The National Council of States is an organ of the Nigerian Government. Its functions include advising the executive on policy making. The Council has no executive power, however plays an important advice and consent role in government operations.

History 
In the First Nigerian Republic, there was no National Council of State as the Premiers occasionally they met with the Prime Minister of Nigeria, Sir Abubakar Tafawa Balewa. The idea of the National Council of State was first introduced by General Murtala Muhammed on 30 July 1975 in a broadcast to the nation after deposing General Yakubu Gowon:

He then appointed the following governors as members of the council of state:

 Muhammed Buhari (North-East)
 George Innih (Mid-West)
 Sani Bello (Kano)
 Adekunle Lawal
 Paul Omu (South-East)
 Ibrahim Taiwo (Kwara)
 Akintunde Aduwo (West)
 Anthony Ochefu (East-Central)
 Usman Jubrin (North-Central)
 Abdullahi Mohammed (Benue-Plateau)
 Umaru Mohammed (North-West) 
 Zamani Lekewot (Rivers).

The 1979 constitution enlarged the composition of the Council of State to its current size.

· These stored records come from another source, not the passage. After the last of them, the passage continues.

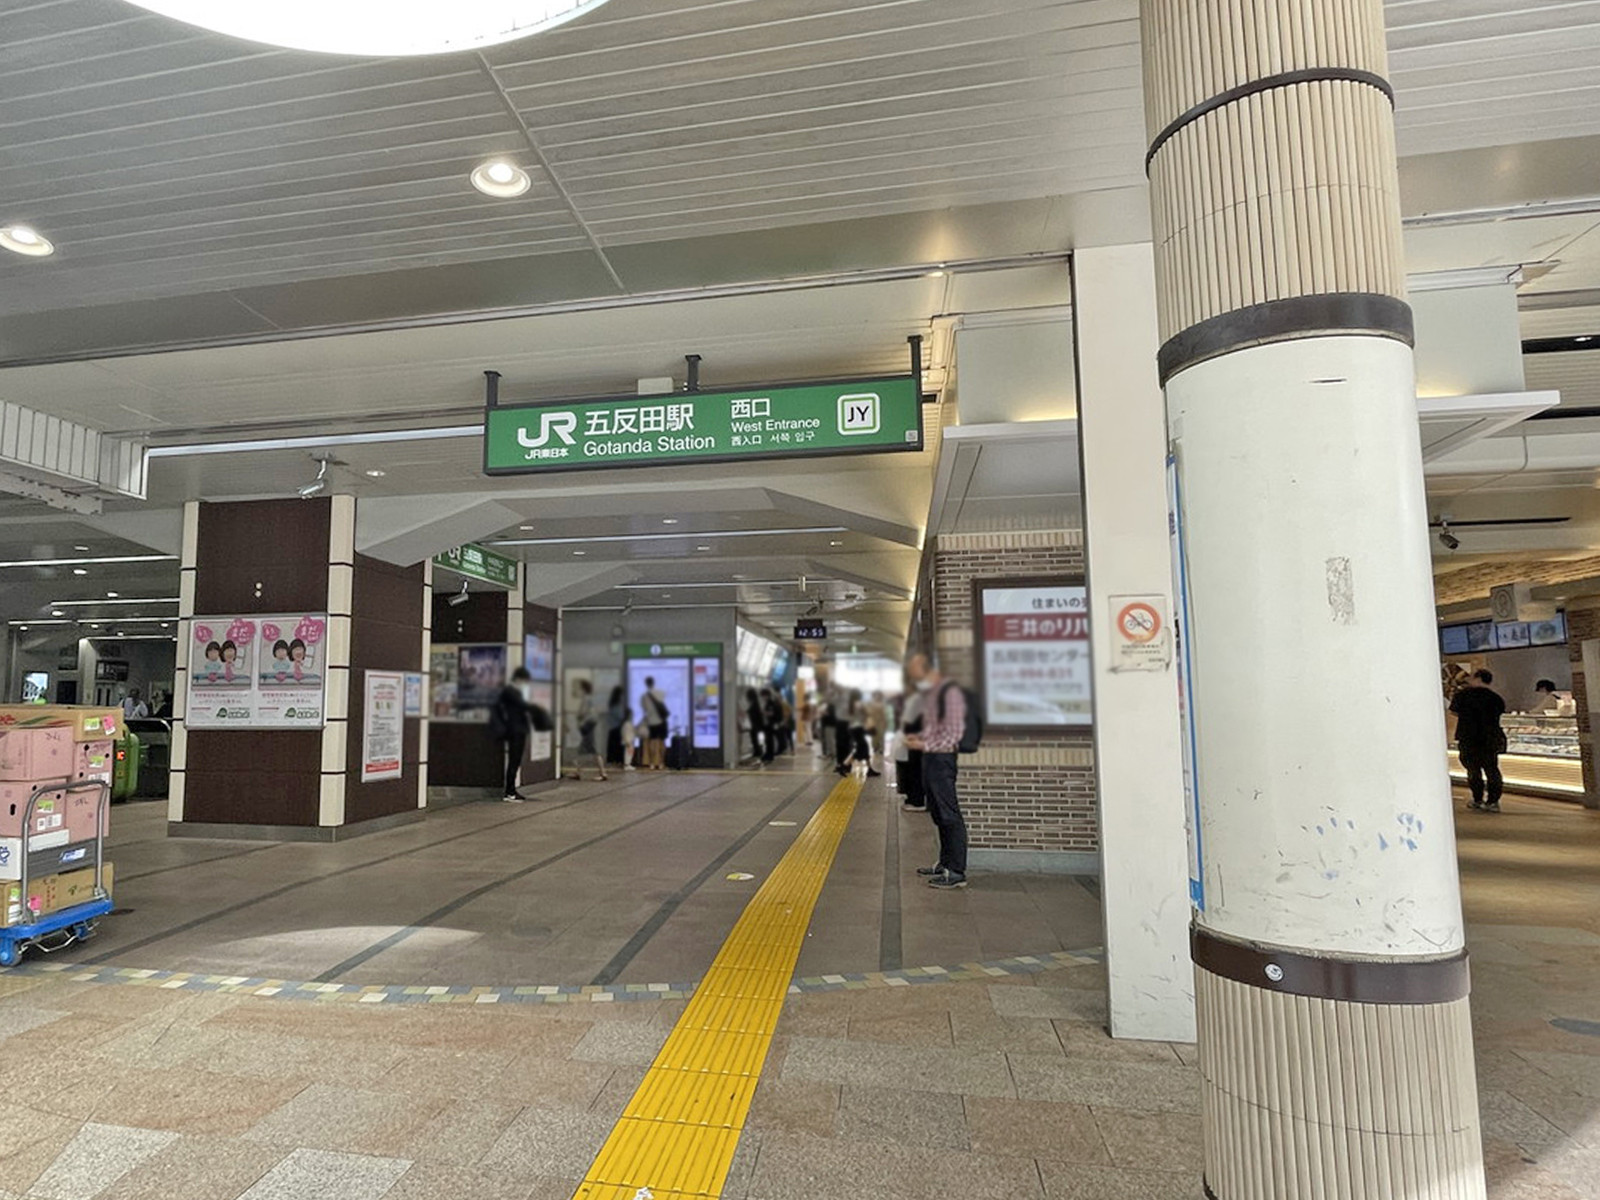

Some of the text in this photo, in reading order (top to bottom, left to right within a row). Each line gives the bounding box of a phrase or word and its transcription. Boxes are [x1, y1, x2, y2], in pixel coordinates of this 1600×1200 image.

[731, 398, 770, 418] 西口
[848, 406, 870, 422] JY
[517, 411, 577, 448] JR
[584, 403, 694, 436] 五反田駅
[731, 417, 820, 433] West Entrance
[525, 448, 569, 460] JR東日本
[584, 434, 715, 457] Gotanda Station
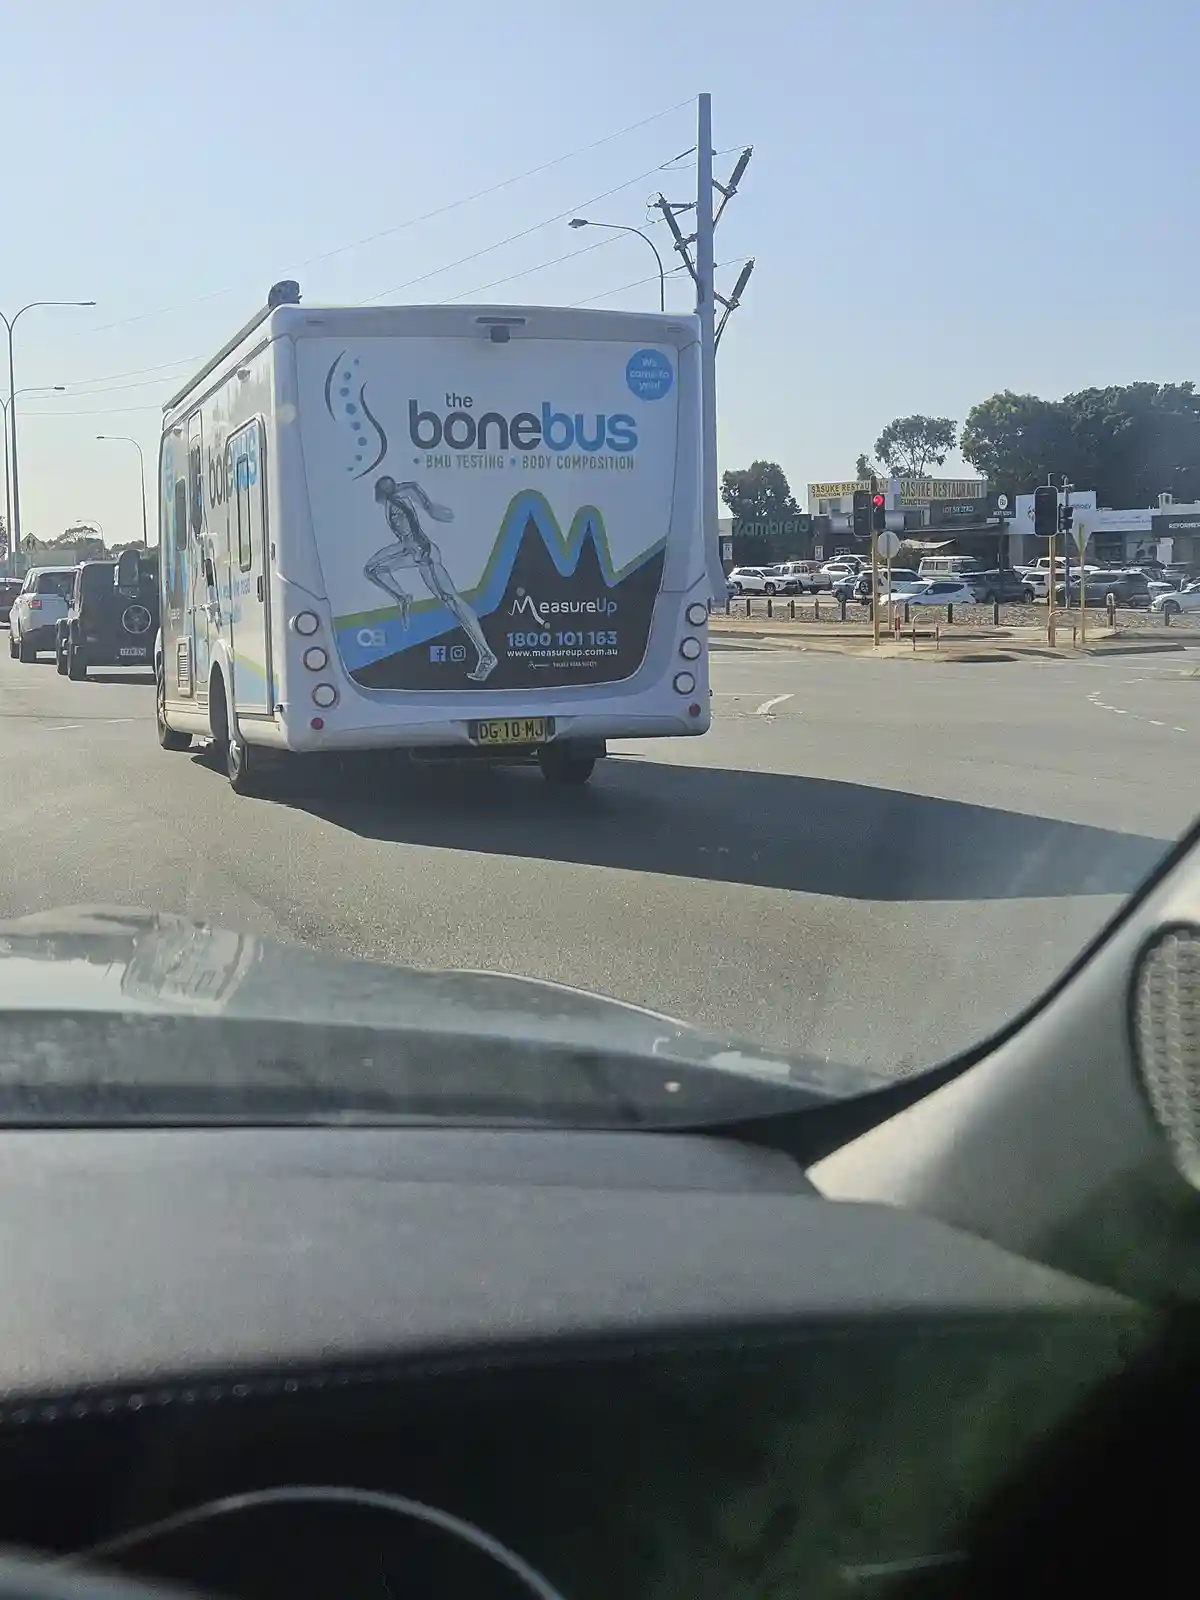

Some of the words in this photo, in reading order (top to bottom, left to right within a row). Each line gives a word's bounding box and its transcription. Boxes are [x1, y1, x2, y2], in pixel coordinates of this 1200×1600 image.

Composition of the Council of State
The Council of State consists of the following persons:
 
President, who is the Chairman
Vice-President, who is the Deputy Chairman
All former Presidents of the Federation and all former Heads of the Government of the Federation
All former Chief Justices of Nigeria
President of the Senate 
Speaker of the House of Representatives 
All the Governors of the states of the Federation
Minister of Justice and Attorney General of the Federation

Duties
The council has responsibilities in advising the President in the exercise of his/her powers with respect to the following: national population census and compilation, publication and keeping of records, prerogative of mercy, awarding of national honours, the appointment of members of the Independent National Electoral Commission, the appointment of members of the National Judicial Council (other than ex-officio members of that Council), and the appointment of members of the National Population Commission.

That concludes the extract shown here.